(Exercise requirements): Quote the whole listing exactly. Leave the pictures out of your copy.

(The data):

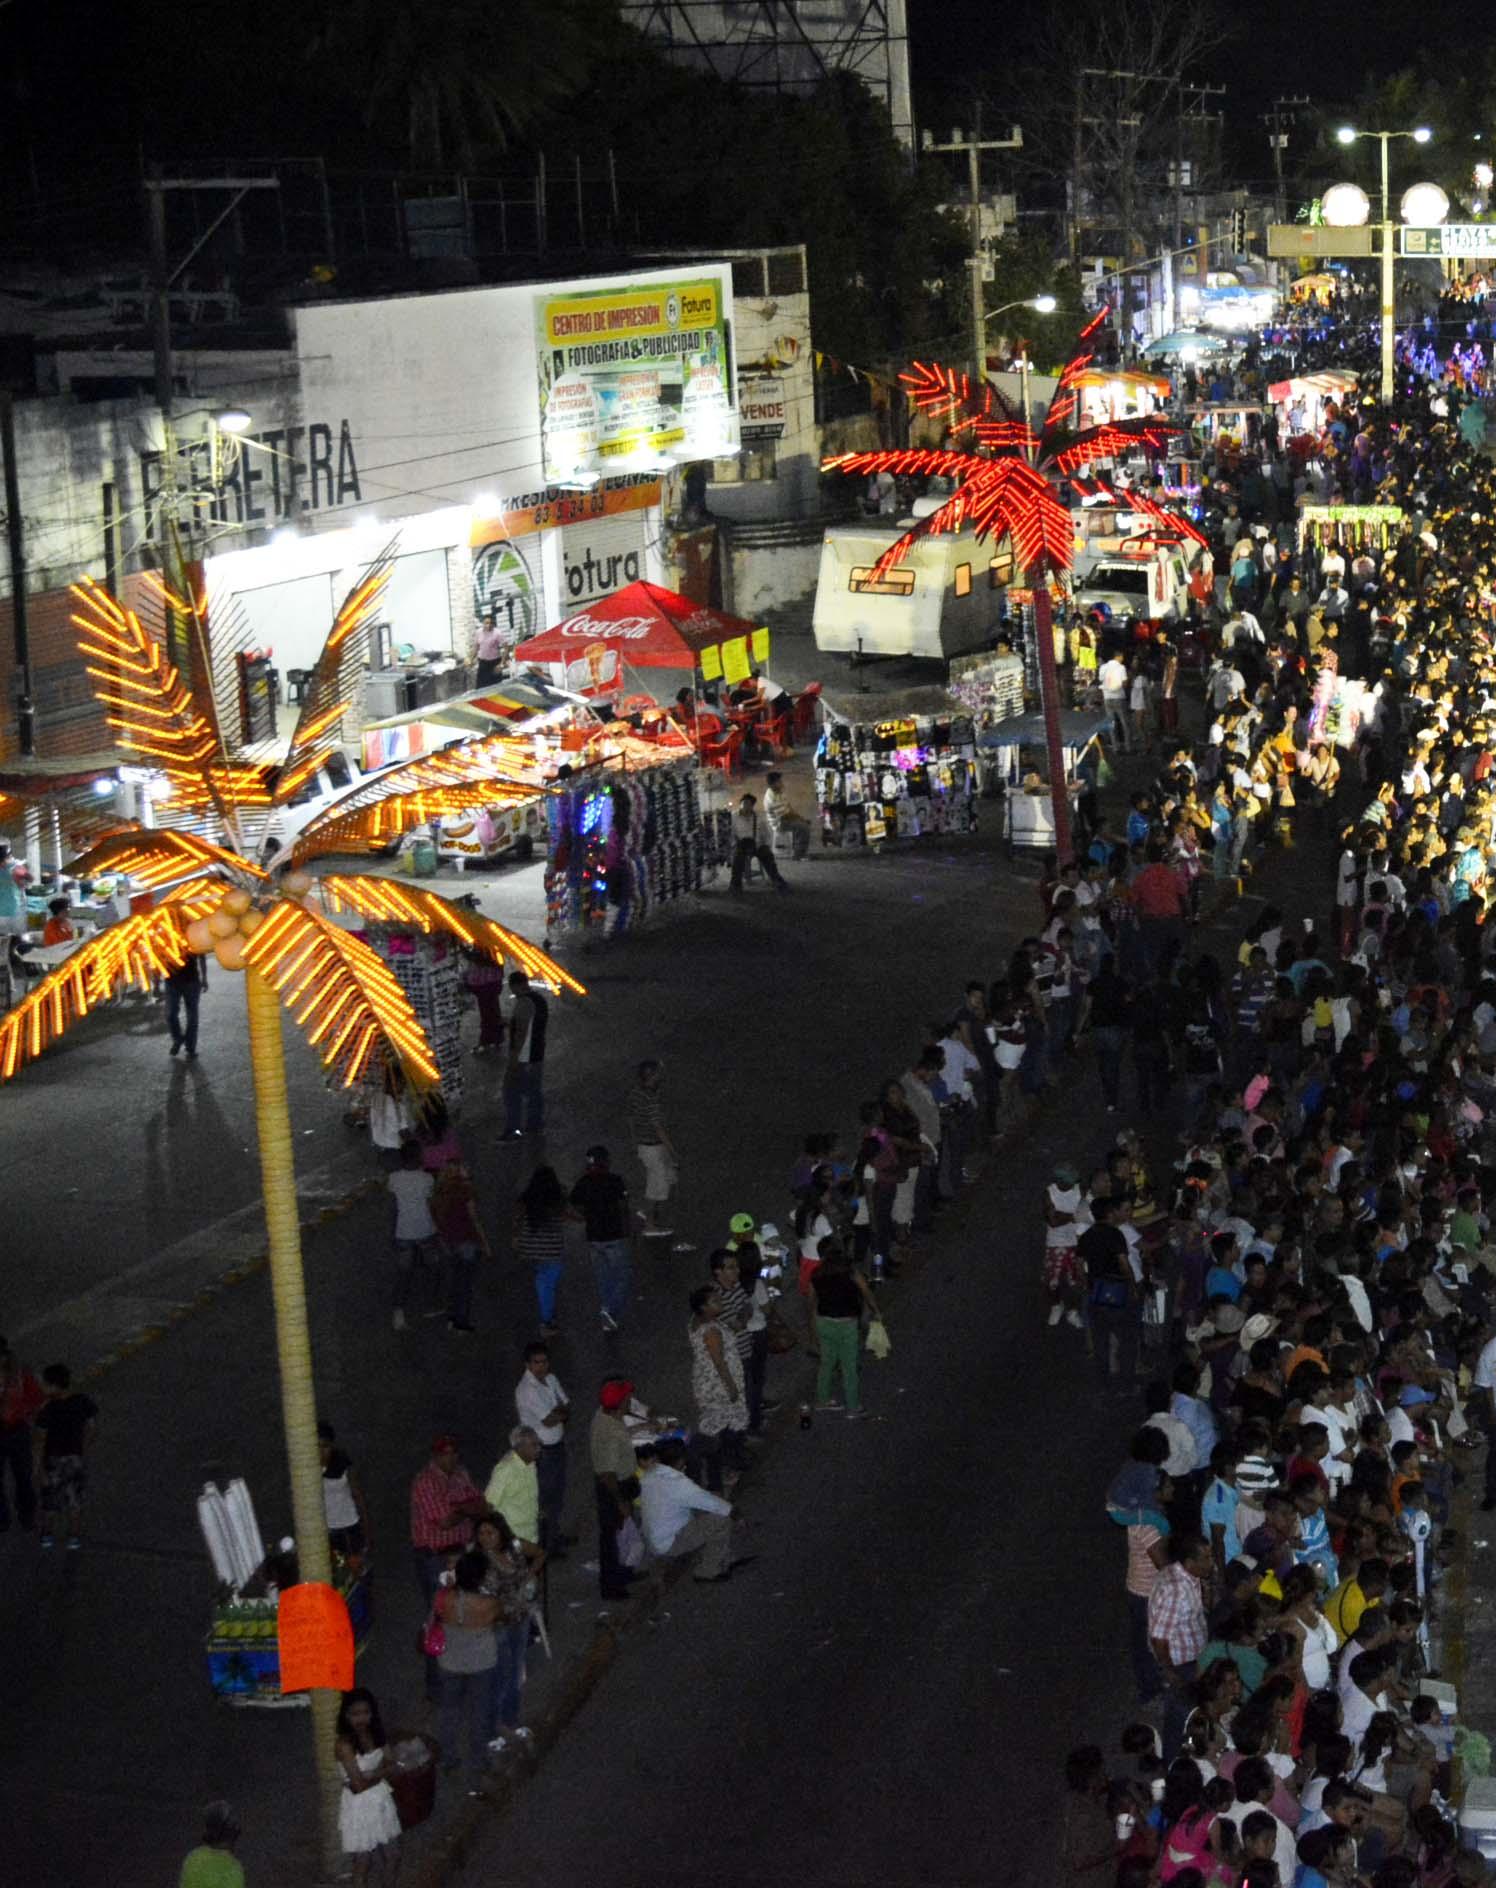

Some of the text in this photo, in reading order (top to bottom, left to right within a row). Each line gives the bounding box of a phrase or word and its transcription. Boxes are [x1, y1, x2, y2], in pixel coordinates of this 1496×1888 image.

[553, 312, 592, 337] CENTRO
[594, 311, 606, 331] DE
[643, 331, 700, 356] PUBLICIDAD
[740, 402, 784, 420] VENDE
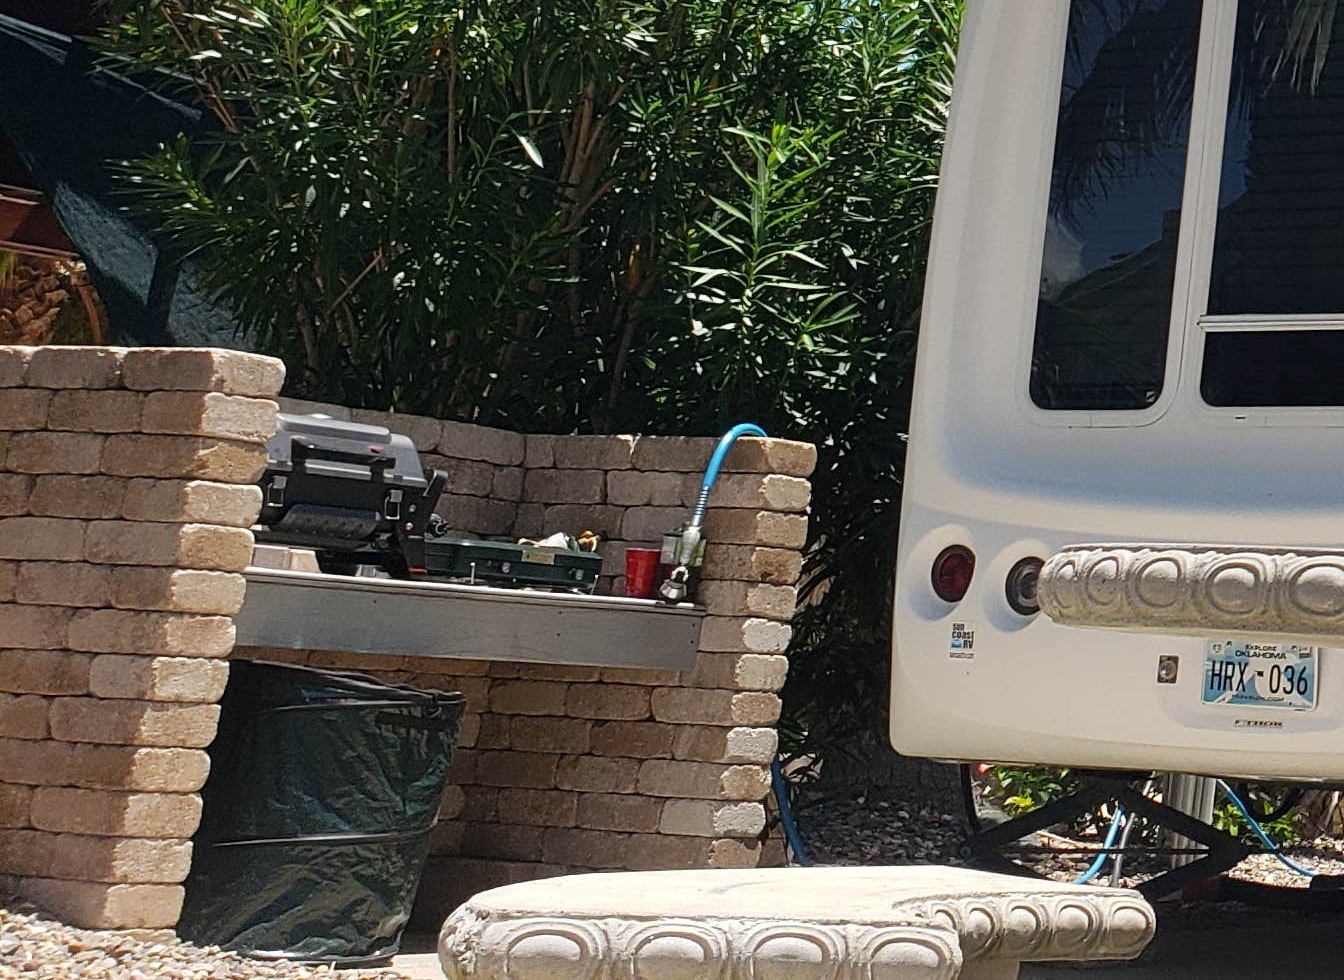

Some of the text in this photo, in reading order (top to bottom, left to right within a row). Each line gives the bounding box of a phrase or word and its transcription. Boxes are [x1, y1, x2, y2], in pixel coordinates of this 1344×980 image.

[1235, 650, 1287, 660] OKLAHOMA
[1210, 660, 1308, 696] HRX 036
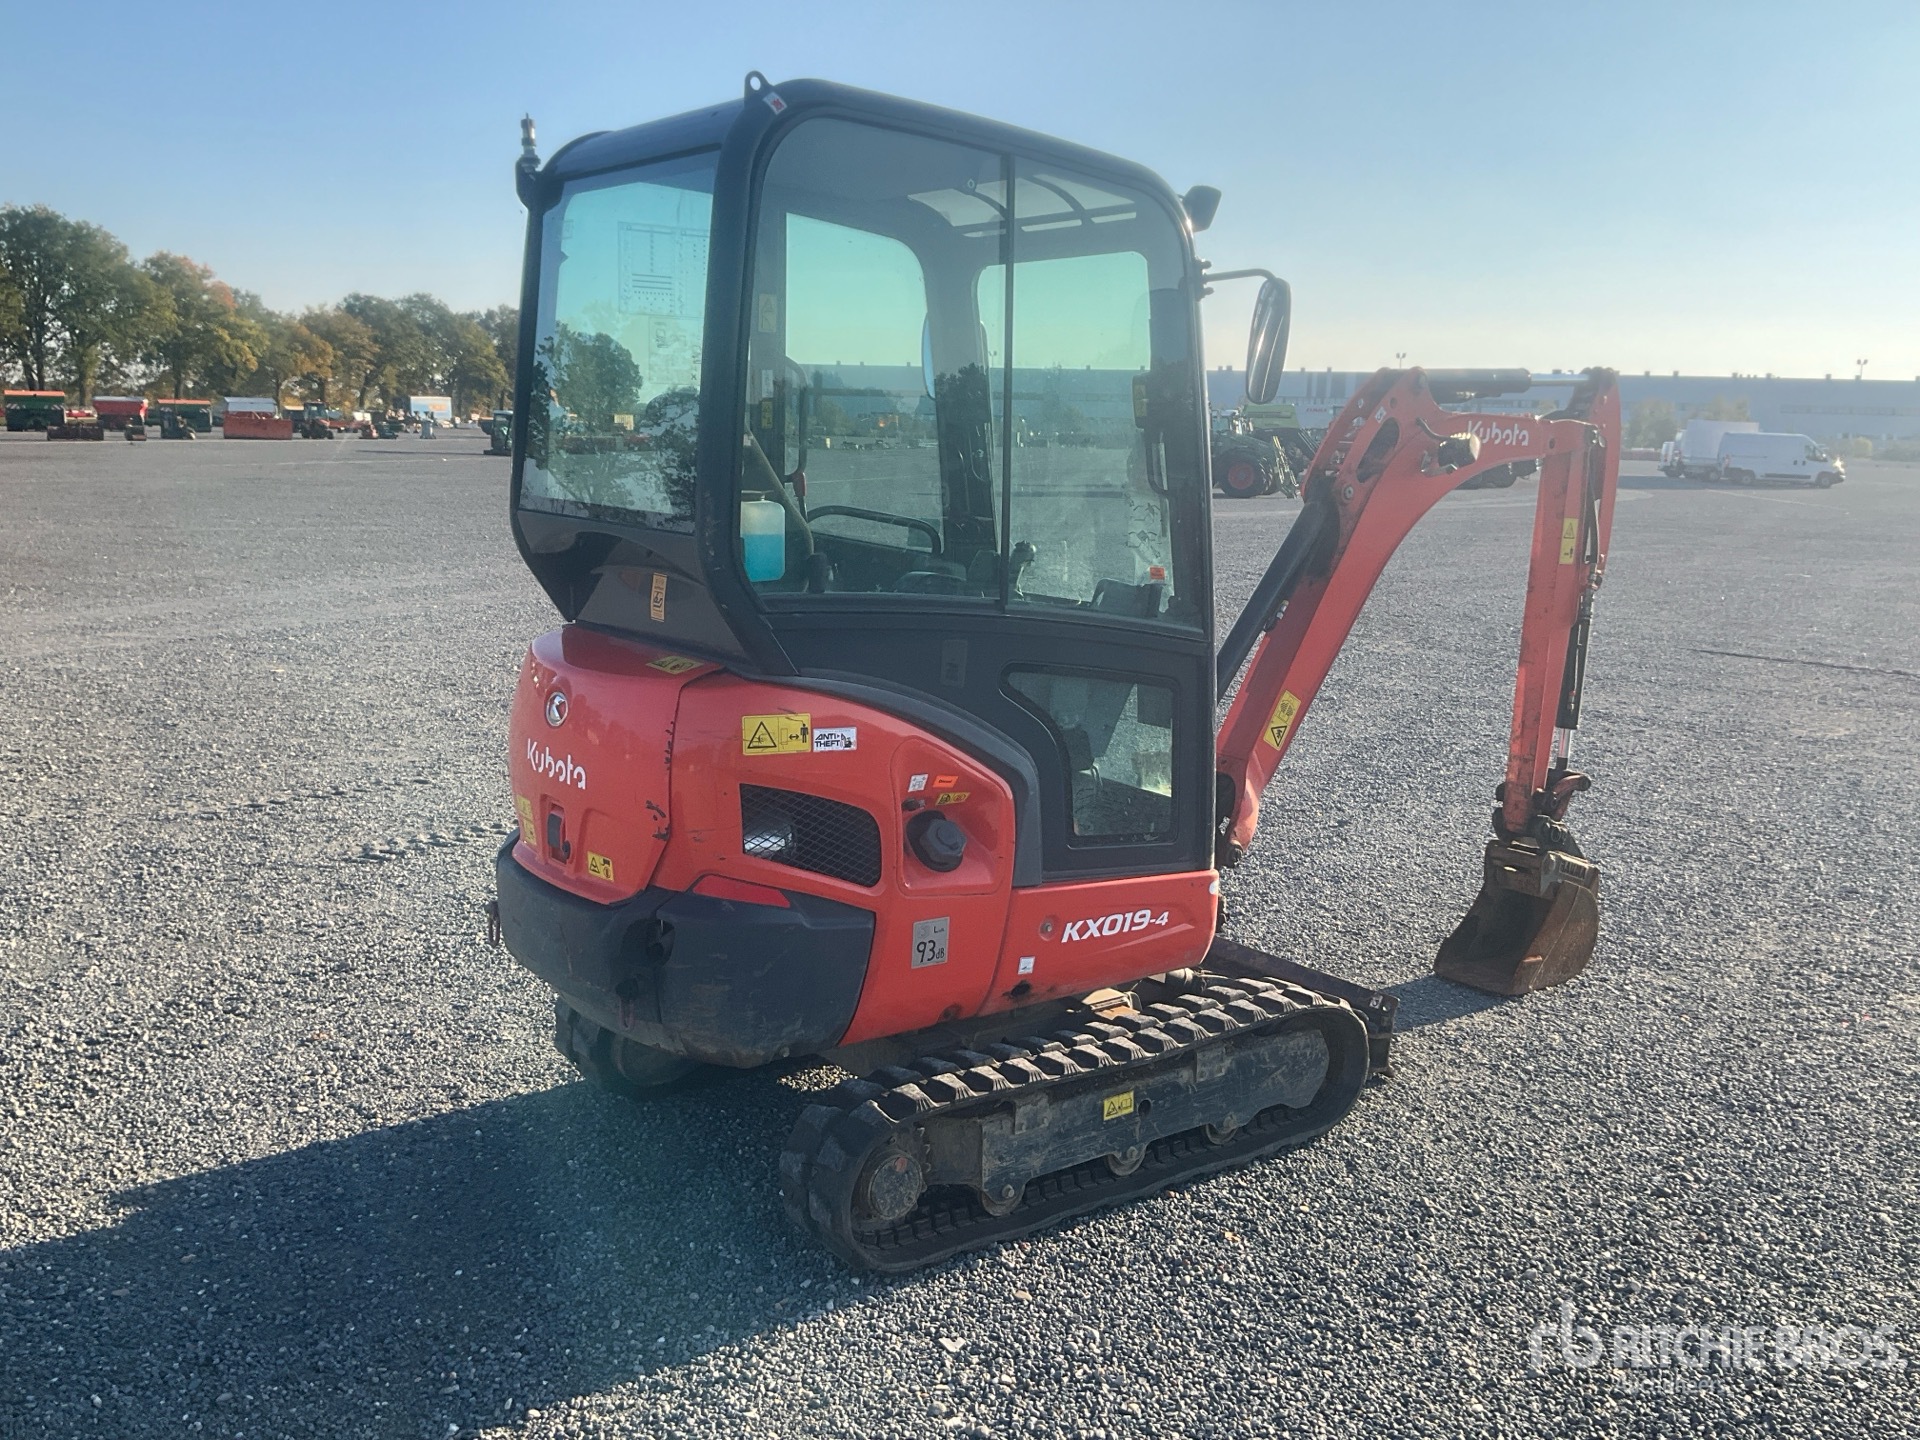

(Solution below):
Some of the text in this photo, in reading order (top to bottom, left to right within a row). Each line gives the bounding box of a phrase or word and its transcription. Boxes are [x1, y1, x2, y2], in pixel coordinates of this 1496×1888 image.

[553, 312, 592, 337] CENTRO
[594, 311, 606, 331] DE
[643, 331, 700, 356] PUBLICIDAD
[740, 402, 784, 420] VENDE

Some of the text in this photo, in reading order (top to bottom, left to right within a row). Each line gives the bounding box of a phrase or word and its transcription. Boxes are [x1, y1, x2, y2], in pixel coordinates of this 1344×980 image.

[1235, 650, 1287, 660] OKLAHOMA
[1210, 660, 1308, 696] HRX 036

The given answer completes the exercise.